(Image-backed grounding data)
•••••
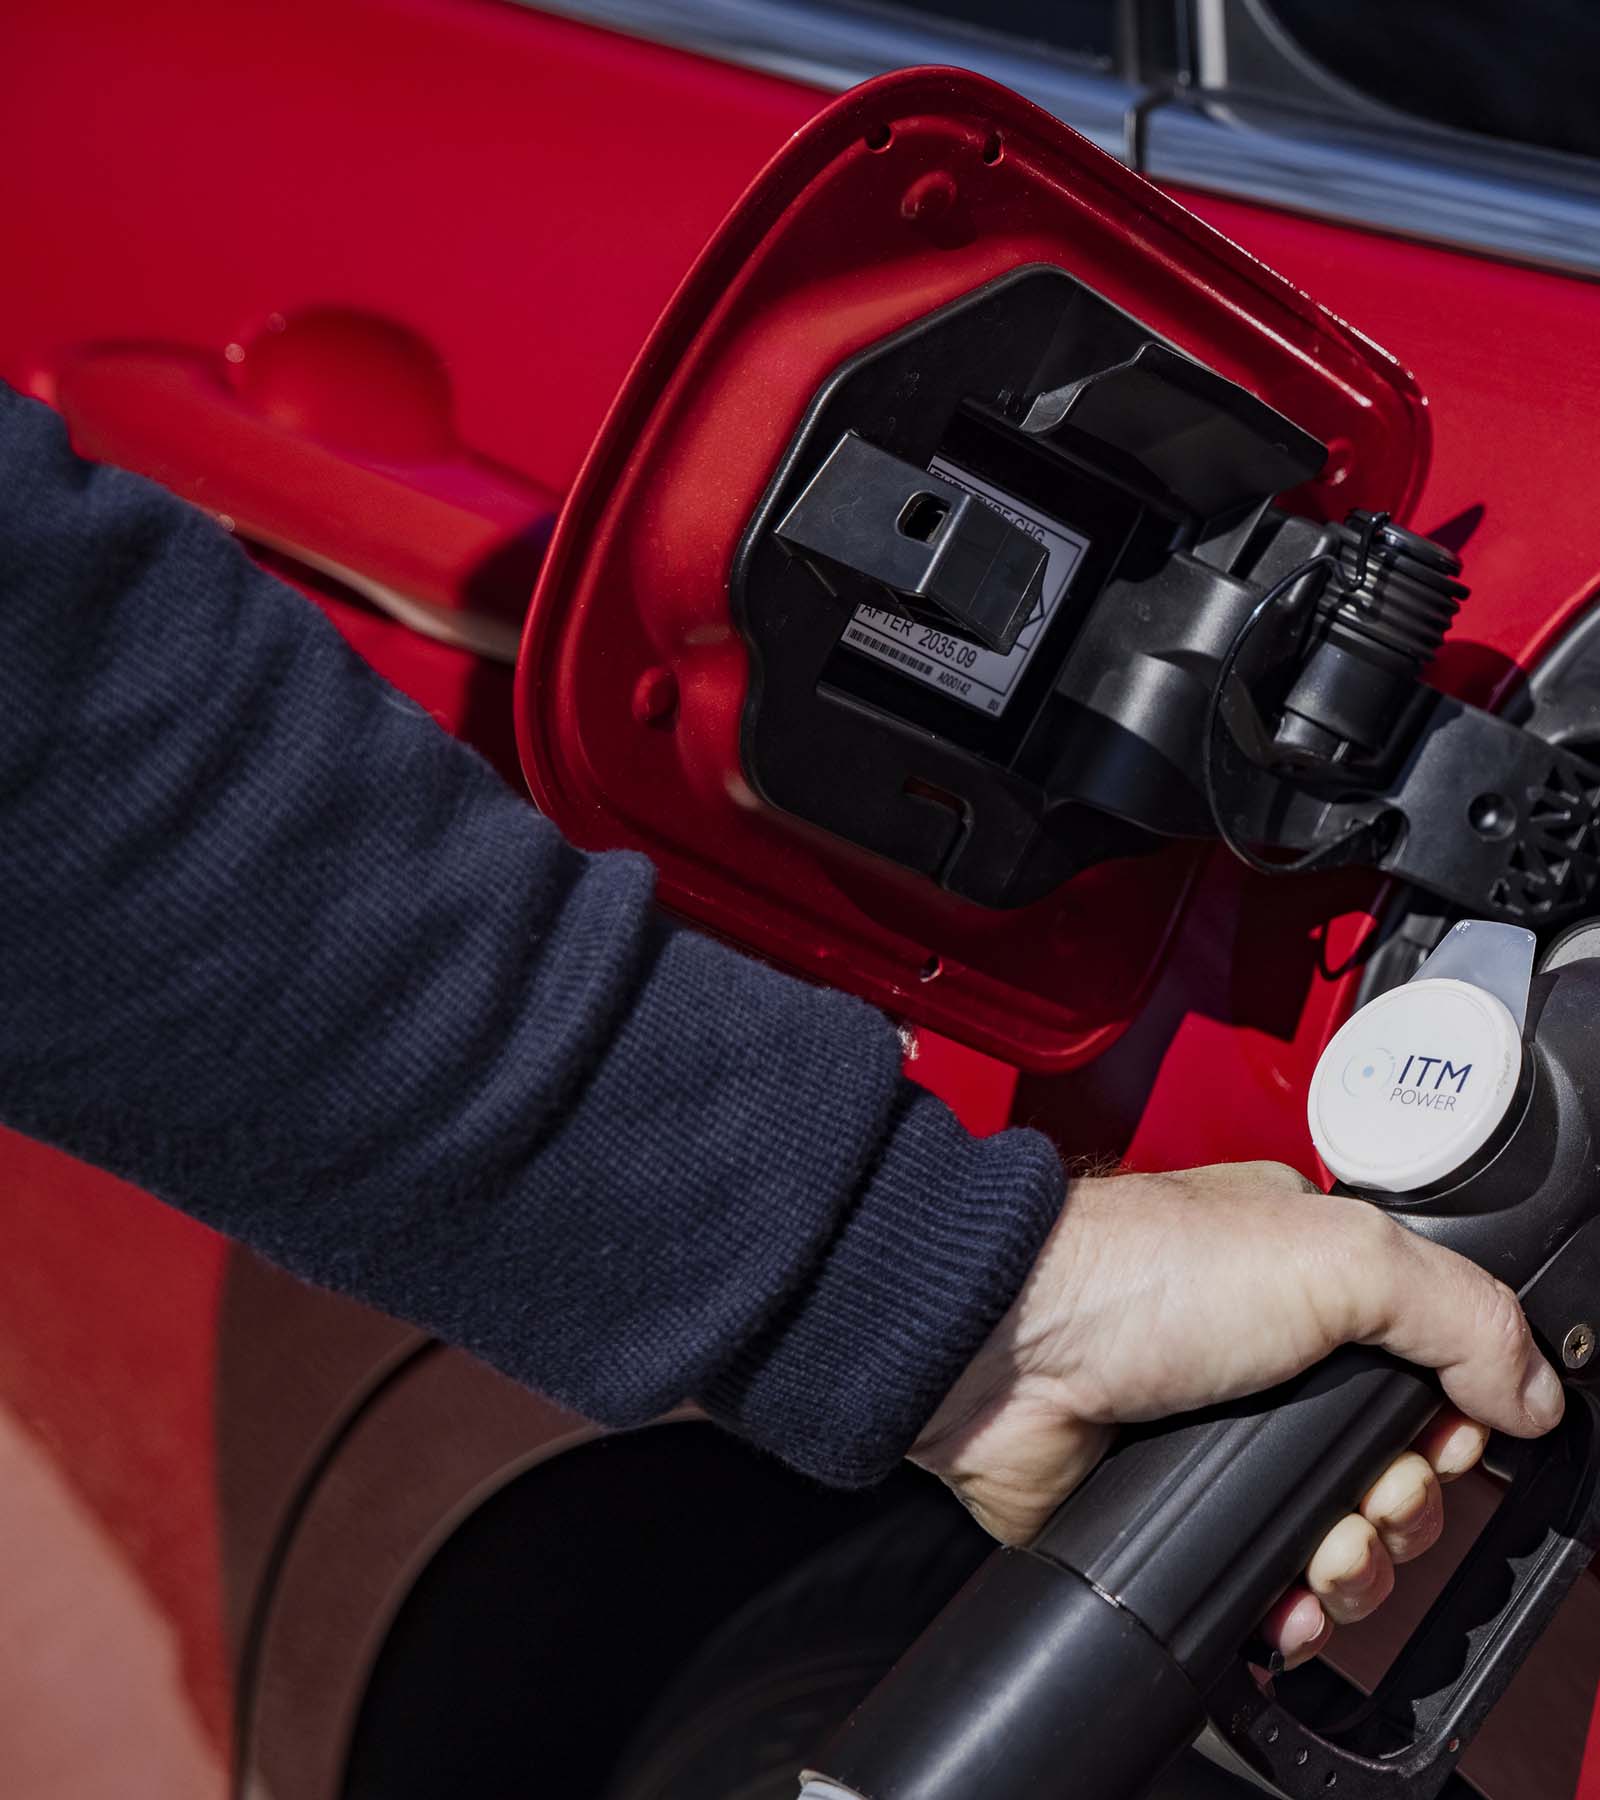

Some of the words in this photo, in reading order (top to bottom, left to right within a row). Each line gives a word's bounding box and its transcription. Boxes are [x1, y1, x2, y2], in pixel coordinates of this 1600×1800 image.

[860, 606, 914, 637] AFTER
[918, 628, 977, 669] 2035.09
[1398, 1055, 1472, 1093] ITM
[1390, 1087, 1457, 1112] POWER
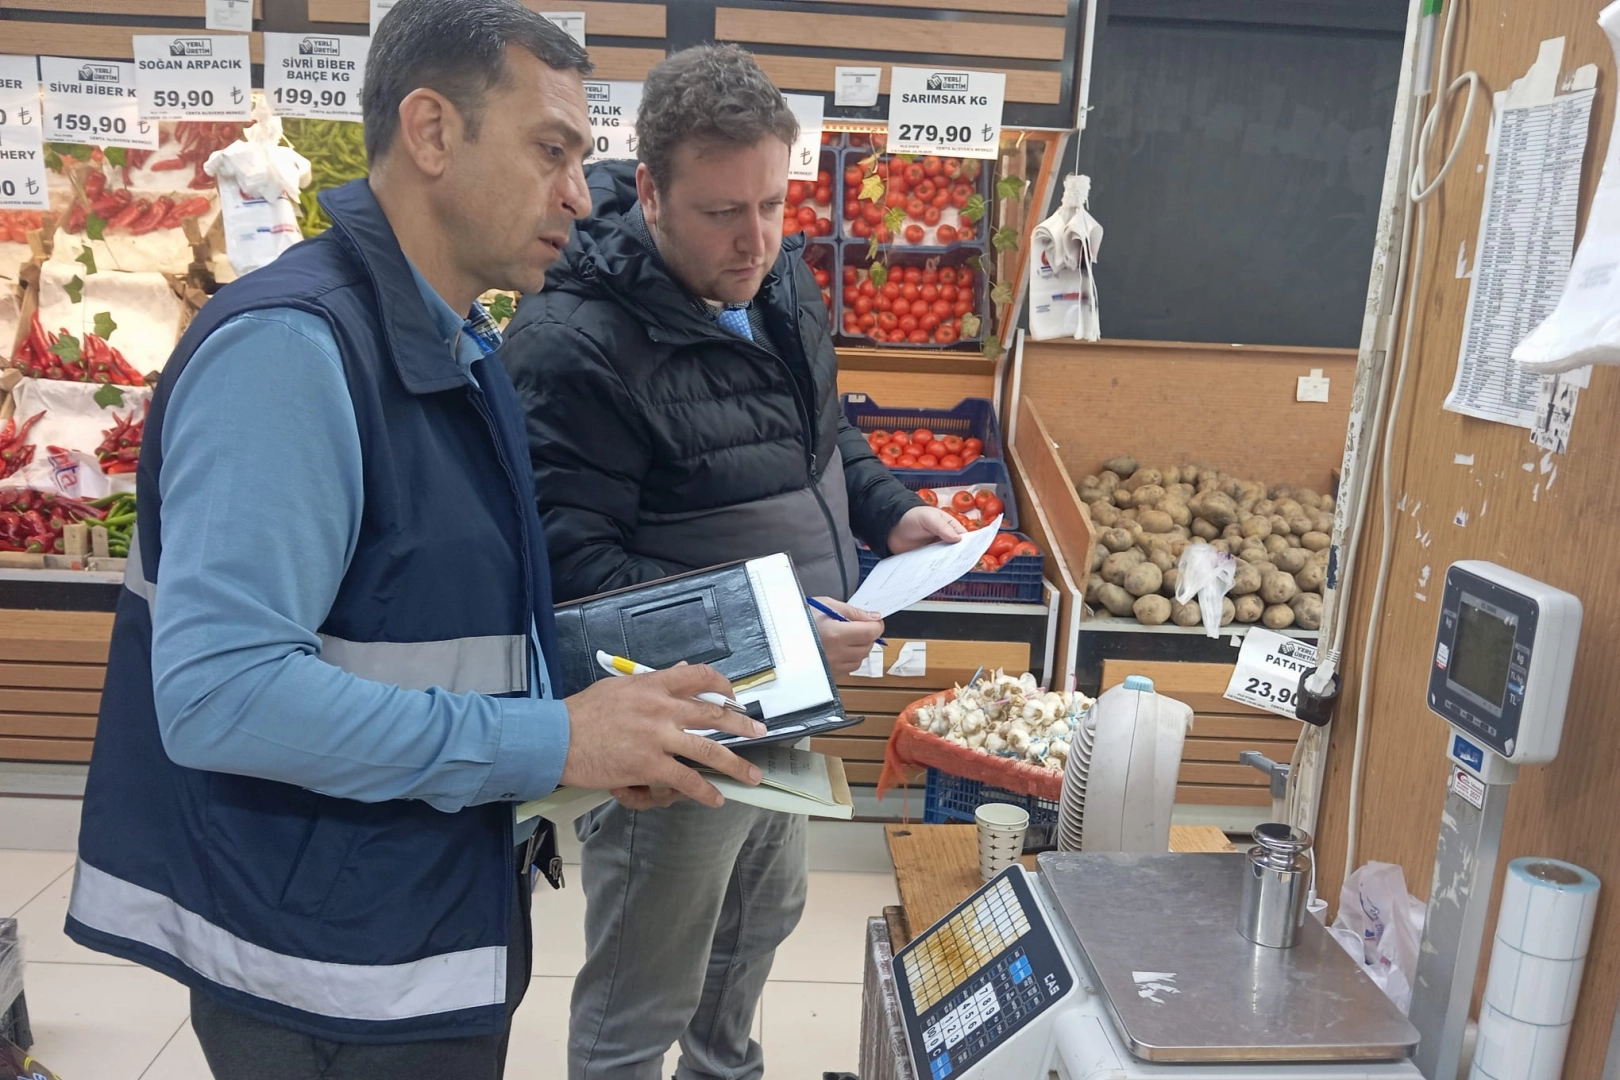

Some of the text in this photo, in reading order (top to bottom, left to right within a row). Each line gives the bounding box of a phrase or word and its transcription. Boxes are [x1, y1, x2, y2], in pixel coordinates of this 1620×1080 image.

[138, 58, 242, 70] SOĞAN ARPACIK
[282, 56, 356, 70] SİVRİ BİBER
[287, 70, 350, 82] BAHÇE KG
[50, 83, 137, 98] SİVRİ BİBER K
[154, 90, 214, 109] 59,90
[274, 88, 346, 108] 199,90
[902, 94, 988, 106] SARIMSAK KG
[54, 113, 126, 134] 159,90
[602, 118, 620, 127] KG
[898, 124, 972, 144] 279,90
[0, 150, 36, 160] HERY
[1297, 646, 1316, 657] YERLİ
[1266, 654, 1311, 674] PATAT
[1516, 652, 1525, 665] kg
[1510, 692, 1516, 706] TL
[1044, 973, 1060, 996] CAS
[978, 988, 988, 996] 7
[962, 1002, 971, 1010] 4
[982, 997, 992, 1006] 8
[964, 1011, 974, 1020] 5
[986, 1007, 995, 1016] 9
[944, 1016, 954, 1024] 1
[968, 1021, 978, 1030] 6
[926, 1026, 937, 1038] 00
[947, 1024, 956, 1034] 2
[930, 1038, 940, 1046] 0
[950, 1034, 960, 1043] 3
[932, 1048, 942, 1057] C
•••••
# Work required
Where an entry contains an image, skip the image and write out the rest exactly.

# Answer space
Some of the words in this photo, in reading order (top to bottom, left to right within a row). Each line gives a word's bounding box and its transcription. Boxes are [x1, y1, x2, y2], in pixel coordinates of this 1600×1800 image.

[860, 606, 914, 637] AFTER
[918, 628, 977, 669] 2035.09
[1398, 1055, 1472, 1093] ITM
[1390, 1087, 1457, 1112] POWER

Some of the text in this photo, in reading order (top to bottom, left to right within a row). Each line gives the bounding box of a phrase or word and its transcription. Boxes are [x1, y1, x2, y2], in pixel coordinates of this 1620×1080 image.

[138, 58, 242, 70] SOĞAN ARPACIK
[282, 56, 356, 70] SİVRİ BİBER
[287, 70, 350, 82] BAHÇE KG
[50, 83, 137, 98] SİVRİ BİBER K
[154, 90, 214, 109] 59,90
[274, 88, 346, 108] 199,90
[902, 94, 988, 106] SARIMSAK KG
[54, 113, 126, 134] 159,90
[602, 118, 620, 127] KG
[898, 124, 972, 144] 279,90
[0, 150, 36, 160] HERY
[1297, 646, 1316, 657] YERLİ
[1266, 654, 1311, 674] PATAT
[1516, 652, 1525, 665] kg
[1510, 692, 1516, 706] TL
[1044, 973, 1060, 996] CAS
[978, 988, 988, 996] 7
[962, 1002, 971, 1010] 4
[982, 997, 992, 1006] 8
[964, 1011, 974, 1020] 5
[986, 1007, 995, 1016] 9
[944, 1016, 954, 1024] 1
[968, 1021, 978, 1030] 6
[926, 1026, 937, 1038] 00
[947, 1024, 956, 1034] 2
[930, 1038, 940, 1046] 0
[950, 1034, 960, 1043] 3
[932, 1048, 942, 1057] C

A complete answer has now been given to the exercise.